[Dataset extract]:
● ● ● ● ● ● ●
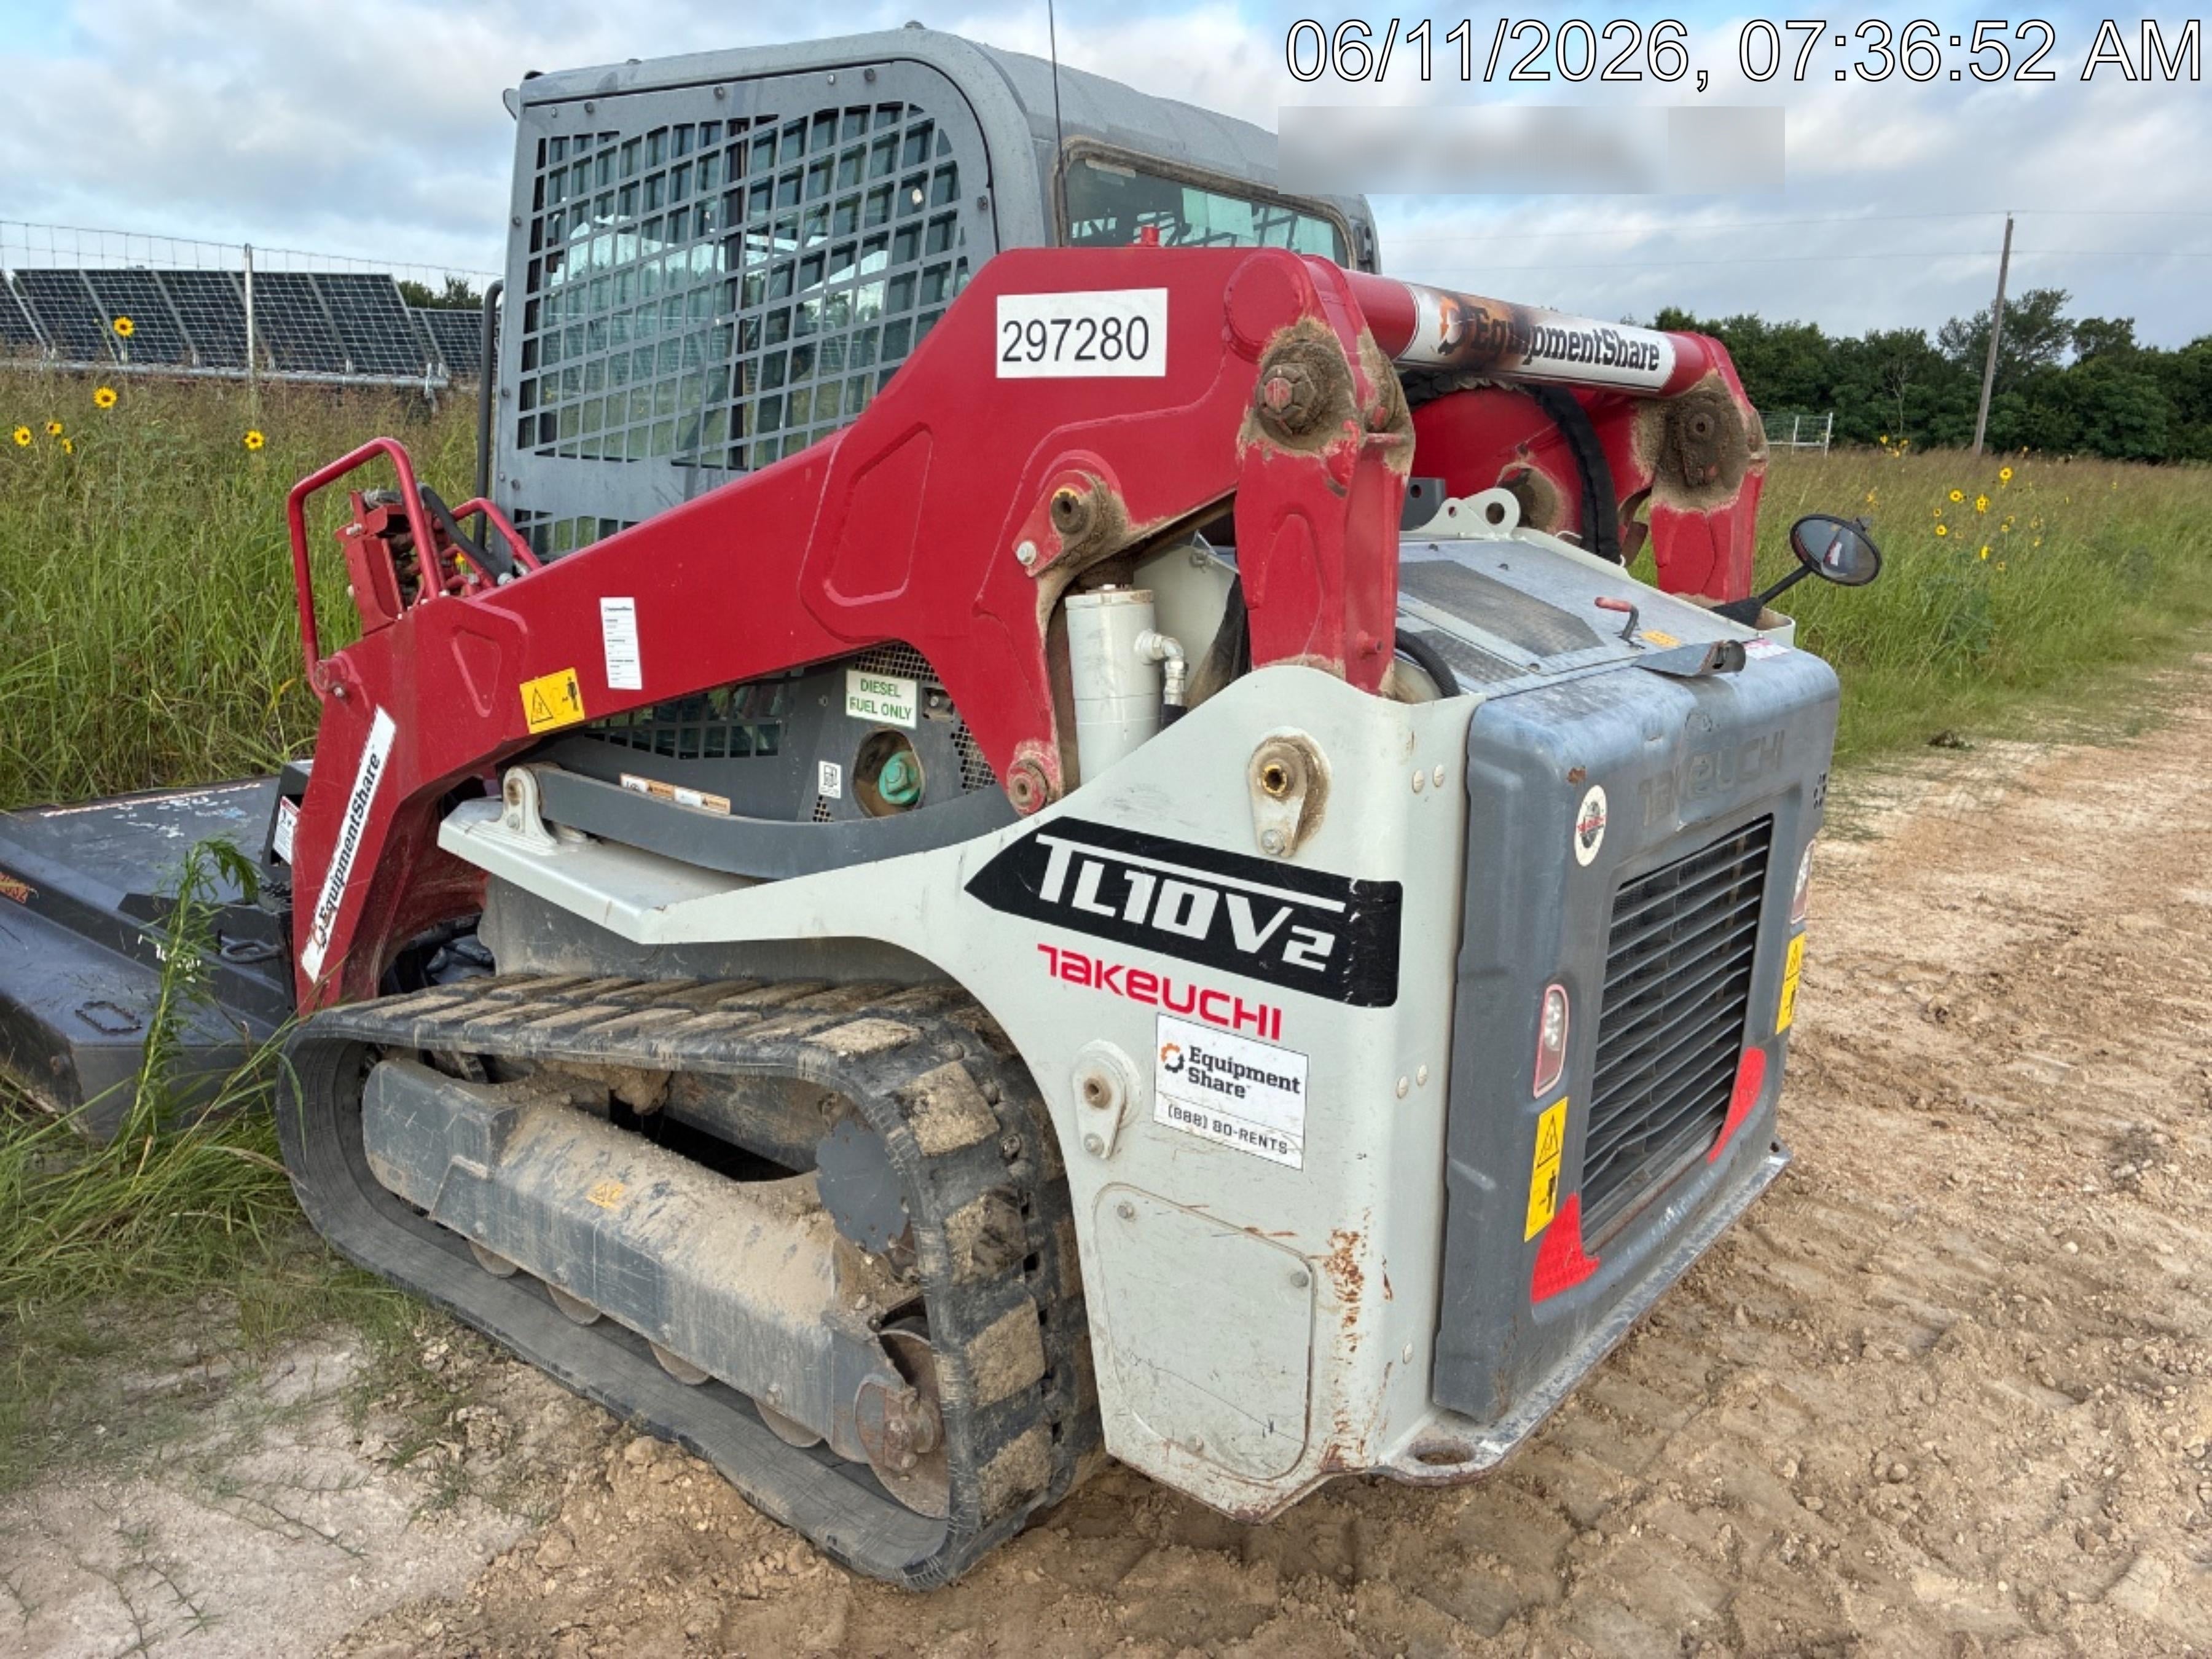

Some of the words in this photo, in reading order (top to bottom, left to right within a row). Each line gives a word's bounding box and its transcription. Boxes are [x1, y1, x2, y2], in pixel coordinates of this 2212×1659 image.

[1002, 316, 1150, 362] 297280
[849, 697, 878, 714] FUEL
[881, 704, 912, 721] ONLY
[860, 678, 901, 698] DIESEL
[318, 753, 380, 923] EquipmentShare
[1188, 1067, 1246, 1099] Share
[1189, 1045, 1300, 1094] Equipment
[1167, 1104, 1208, 1129] (888)
[1212, 1120, 1287, 1155] 80-RENTS
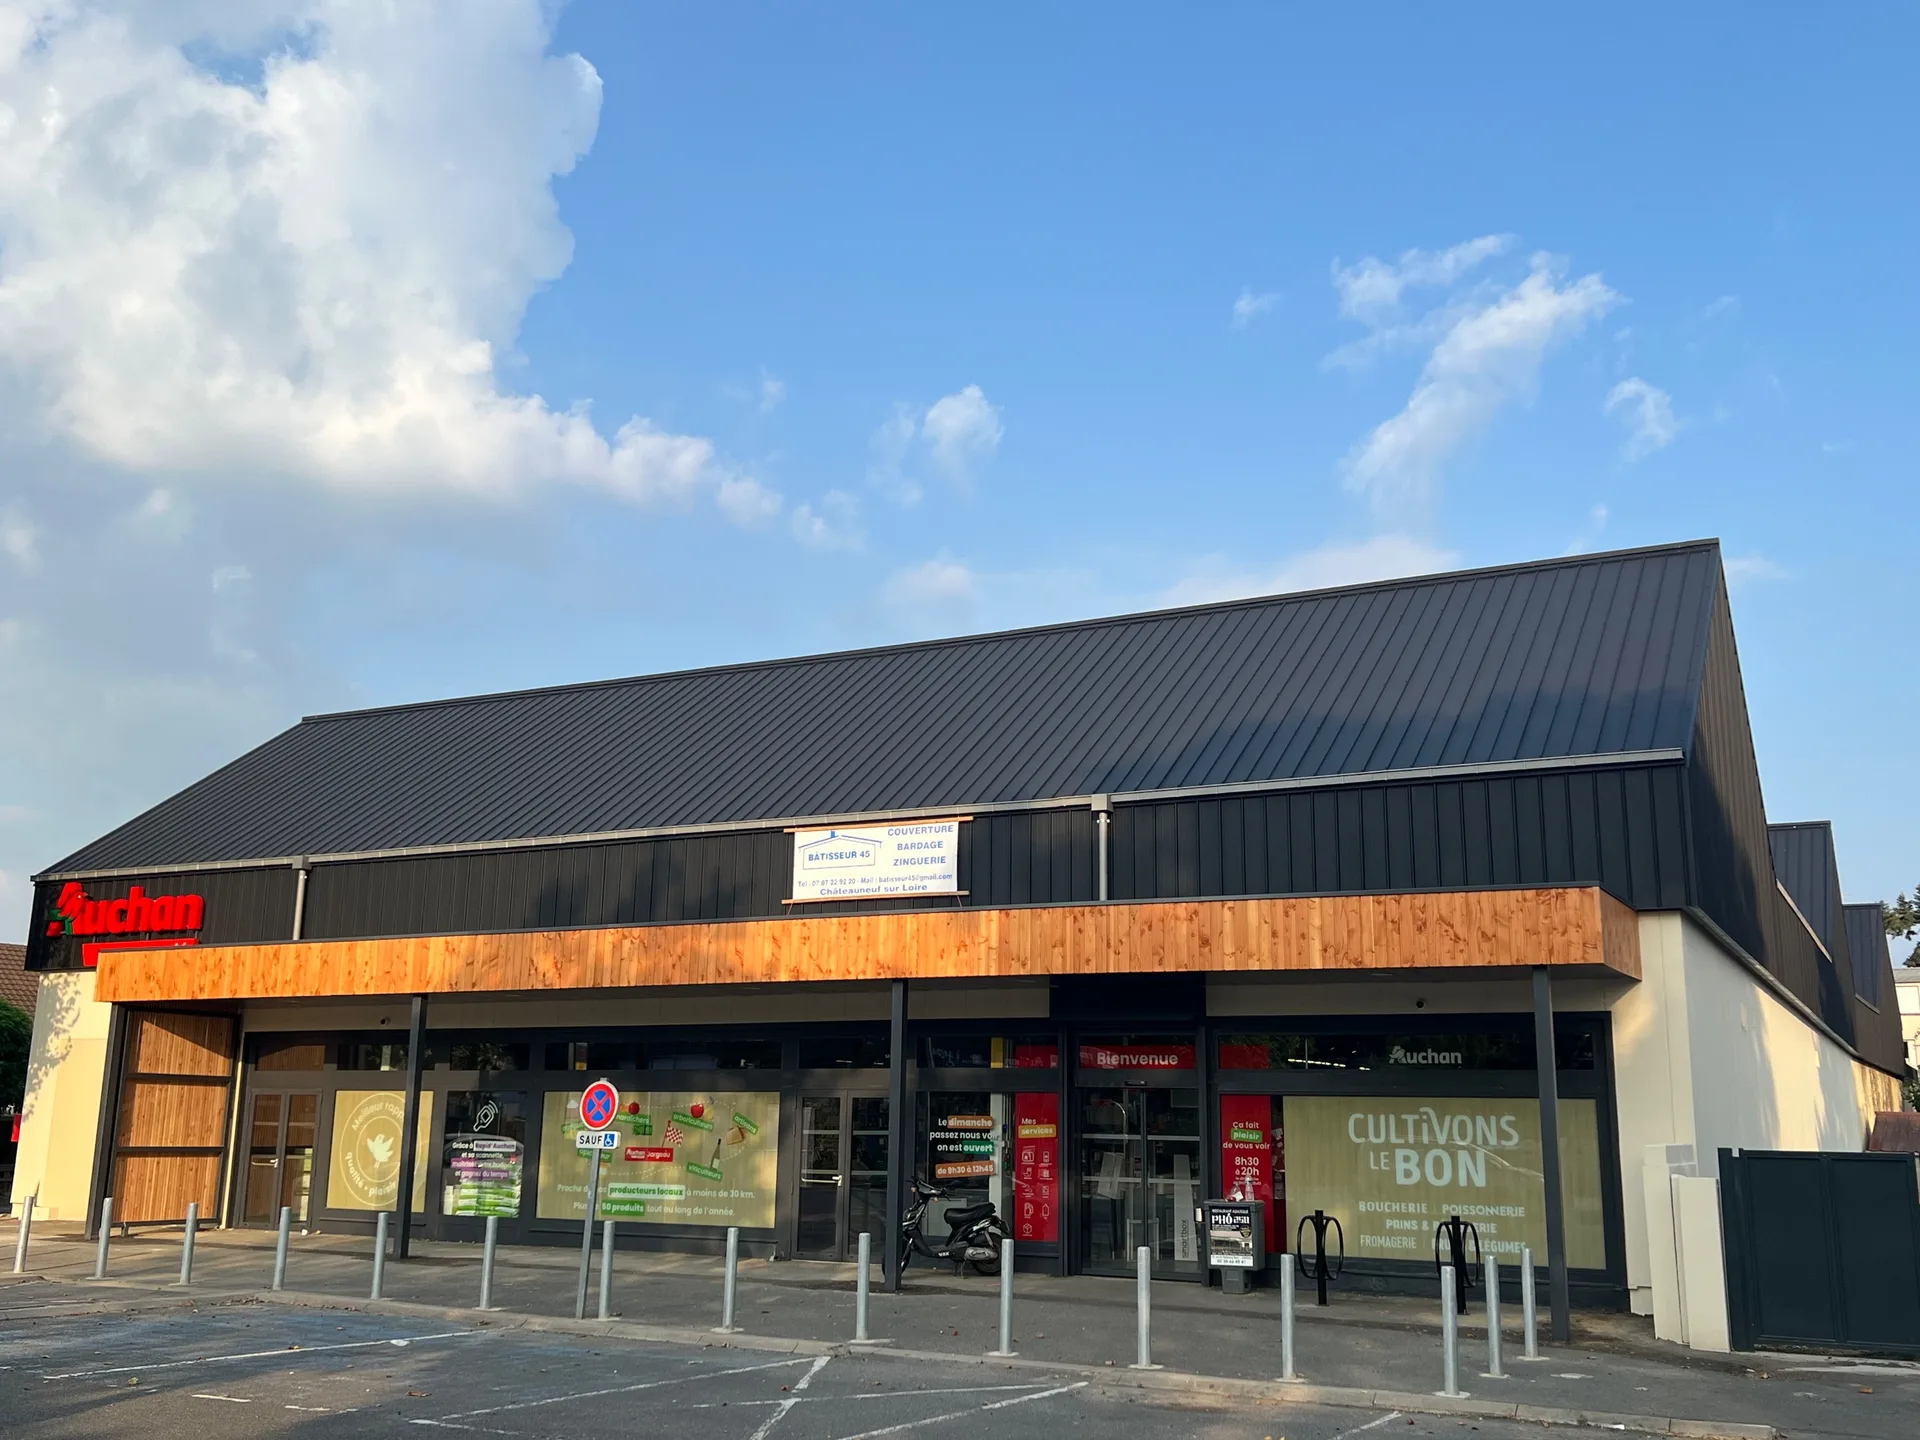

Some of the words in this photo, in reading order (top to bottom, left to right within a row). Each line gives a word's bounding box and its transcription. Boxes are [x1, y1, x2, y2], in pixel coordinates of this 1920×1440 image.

[888, 824, 954, 836] COUVERTURE
[897, 840, 944, 850] BARDAGE
[808, 850, 857, 862] BÂTISSEUR
[860, 850, 870, 859] 45
[893, 856, 946, 866] ZINGUERIE
[820, 886, 881, 896] Châteauneuf
[902, 884, 928, 892] Loire
[47, 882, 203, 937] Auchan
[1096, 1052, 1178, 1066] Bienvenue
[1389, 1046, 1462, 1065] Auchan
[673, 1113, 712, 1130] arboriculteurs
[734, 1116, 756, 1134] artisans
[938, 1118, 948, 1126] Le
[949, 1118, 992, 1126] dimanche
[1232, 1122, 1244, 1130] Ça
[930, 1132, 958, 1140] passez
[1022, 1127, 1053, 1135] services
[1234, 1132, 1260, 1140] plaisir
[580, 1135, 602, 1144] SAUF
[949, 1144, 962, 1152] est
[1234, 1156, 1260, 1166] 8h30
[345, 1152, 365, 1188] qualité
[688, 1164, 721, 1179] viticulteurs
[972, 1164, 994, 1172] 12h45
[1241, 1166, 1260, 1176] 20h
[1370, 1152, 1390, 1170] LE
[1394, 1148, 1487, 1188] BON
[558, 1184, 582, 1192] Proche
[610, 1186, 656, 1196] producteurs
[657, 1187, 684, 1196] locaux
[693, 1188, 716, 1197] moins
[718, 1190, 728, 1198] de
[740, 1190, 756, 1198] km.
[612, 1203, 644, 1213] produits
[675, 1206, 692, 1216] long
[704, 1206, 736, 1216] l'année.
[1359, 1200, 1428, 1214] BOUCHERIE
[1442, 1204, 1526, 1217] POISSONNERIE
[1386, 1219, 1418, 1230] PAINS
[1422, 1220, 1430, 1231] &
[1360, 1234, 1417, 1250] FROMAGERIE
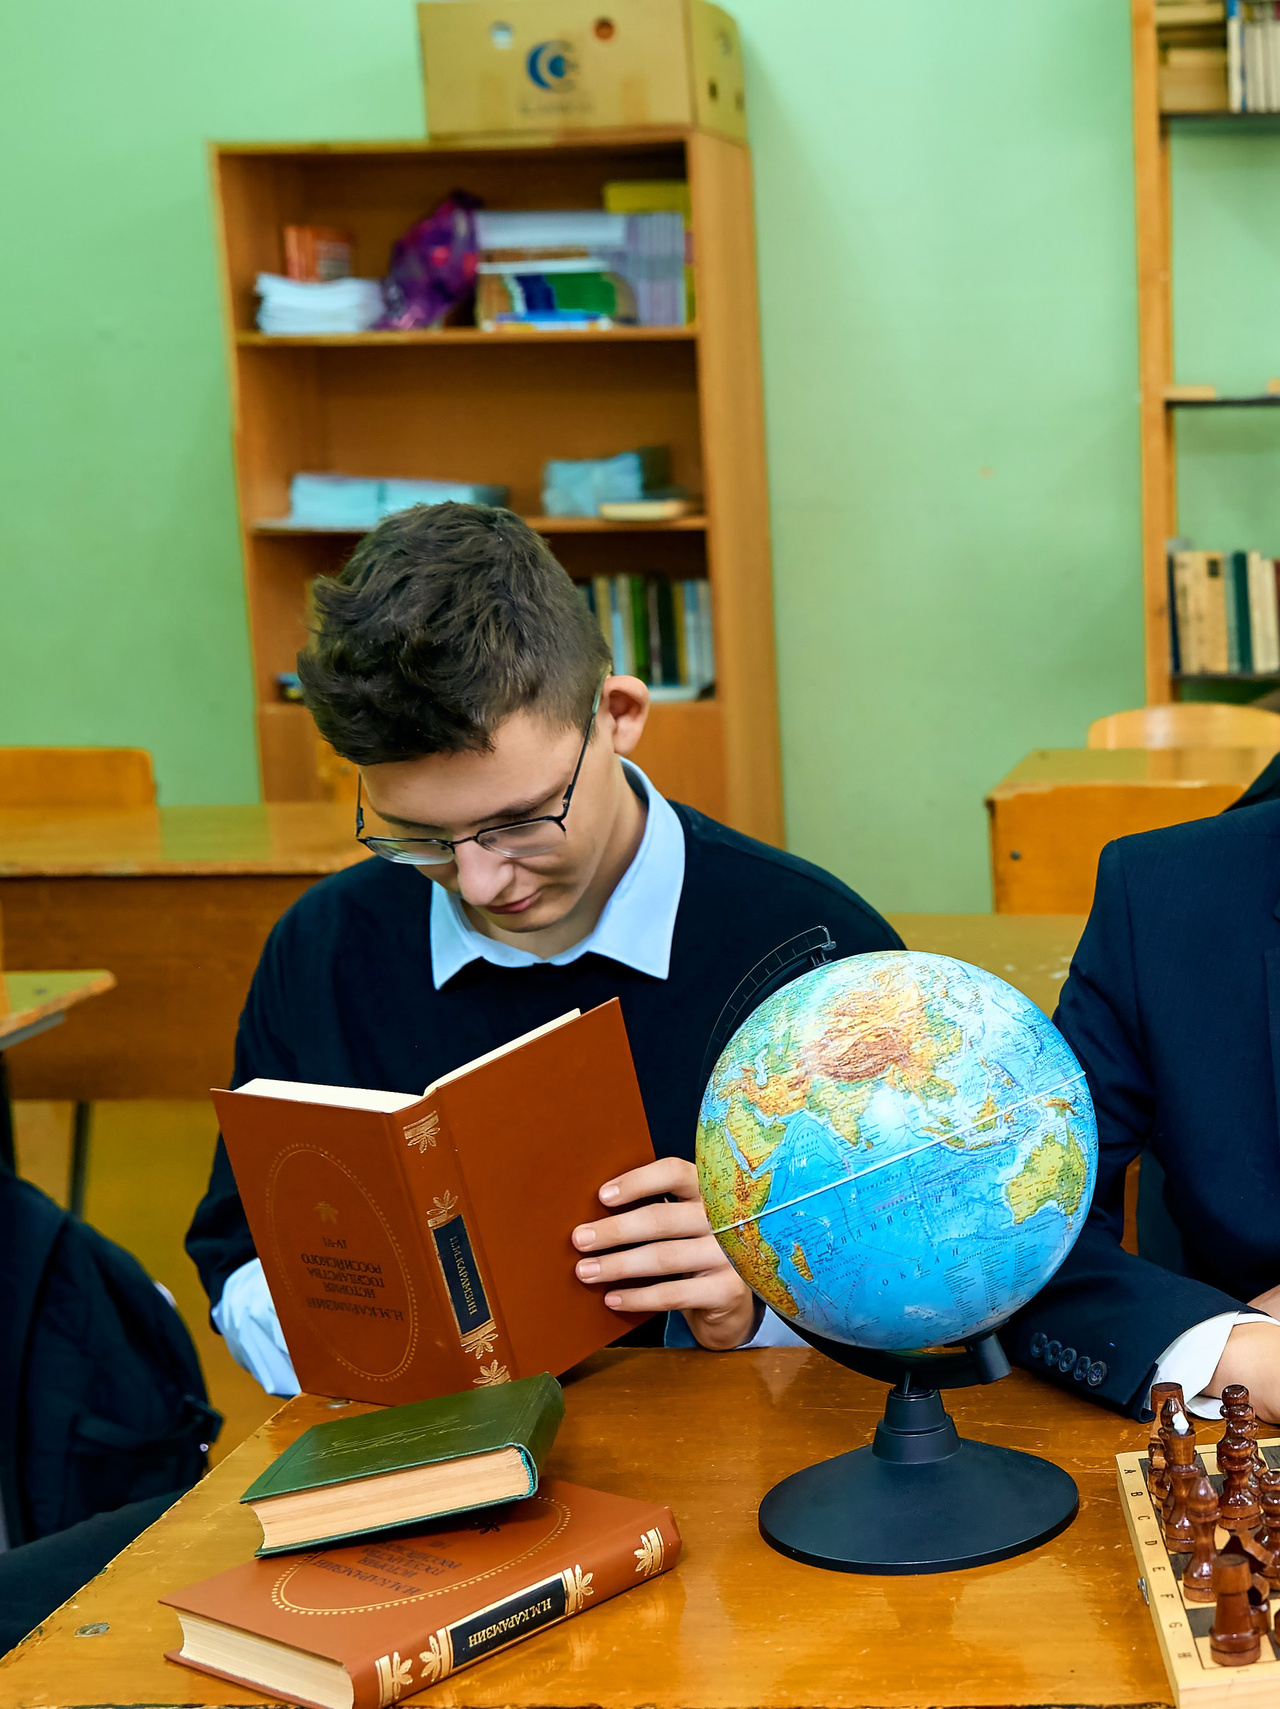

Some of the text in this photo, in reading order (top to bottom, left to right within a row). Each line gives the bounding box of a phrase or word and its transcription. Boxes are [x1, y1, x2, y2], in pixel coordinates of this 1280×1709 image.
● ● ● ● ● ● ●
[Problem to work on]:
Print the material in full and exactly; the pictures must not be printed.

[Answer space]:
Some of the words in this photo, in reading order (top to bottom, left to right within a row). Each line gives a word's bounding box and its transcription. Boxes are [x1, y1, x2, y2], in pixel coordinates of this 2212×1659 image.

[1002, 316, 1150, 362] 297280
[849, 697, 878, 714] FUEL
[881, 704, 912, 721] ONLY
[860, 678, 901, 698] DIESEL
[318, 753, 380, 923] EquipmentShare
[1188, 1067, 1246, 1099] Share
[1189, 1045, 1300, 1094] Equipment
[1167, 1104, 1208, 1129] (888)
[1212, 1120, 1287, 1155] 80-RENTS

Some of the words in this photo, in reading order (top to bottom, left to right within a row). Each line gives a word's bounding box and its transcription. Boxes are [x1, y1, x2, y2], in pixel coordinates of this 1920×1440 image.

[888, 824, 954, 836] COUVERTURE
[897, 840, 944, 850] BARDAGE
[808, 850, 857, 862] BÂTISSEUR
[860, 850, 870, 859] 45
[893, 856, 946, 866] ZINGUERIE
[820, 886, 881, 896] Châteauneuf
[902, 884, 928, 892] Loire
[47, 882, 203, 937] Auchan
[1096, 1052, 1178, 1066] Bienvenue
[1389, 1046, 1462, 1065] Auchan
[673, 1113, 712, 1130] arboriculteurs
[734, 1116, 756, 1134] artisans
[938, 1118, 948, 1126] Le
[949, 1118, 992, 1126] dimanche
[1232, 1122, 1244, 1130] Ça
[930, 1132, 958, 1140] passez
[1022, 1127, 1053, 1135] services
[1234, 1132, 1260, 1140] plaisir
[580, 1135, 602, 1144] SAUF
[949, 1144, 962, 1152] est
[1234, 1156, 1260, 1166] 8h30
[345, 1152, 365, 1188] qualité
[688, 1164, 721, 1179] viticulteurs
[972, 1164, 994, 1172] 12h45
[1241, 1166, 1260, 1176] 20h
[1370, 1152, 1390, 1170] LE
[1394, 1148, 1487, 1188] BON
[558, 1184, 582, 1192] Proche
[610, 1186, 656, 1196] producteurs
[657, 1187, 684, 1196] locaux
[693, 1188, 716, 1197] moins
[718, 1190, 728, 1198] de
[740, 1190, 756, 1198] km.
[612, 1203, 644, 1213] produits
[675, 1206, 692, 1216] long
[704, 1206, 736, 1216] l'année.
[1359, 1200, 1428, 1214] BOUCHERIE
[1442, 1204, 1526, 1217] POISSONNERIE
[1386, 1219, 1418, 1230] PAINS
[1422, 1220, 1430, 1231] &
[1360, 1234, 1417, 1250] FROMAGERIE

Some of the text in this photo, in reading order (top to bottom, left to right within a row). Each line gives the bounding box of a phrase or word and its transcription. Boxes are [x1, y1, x2, y2], in pixel coordinates of this 1280×1709 image.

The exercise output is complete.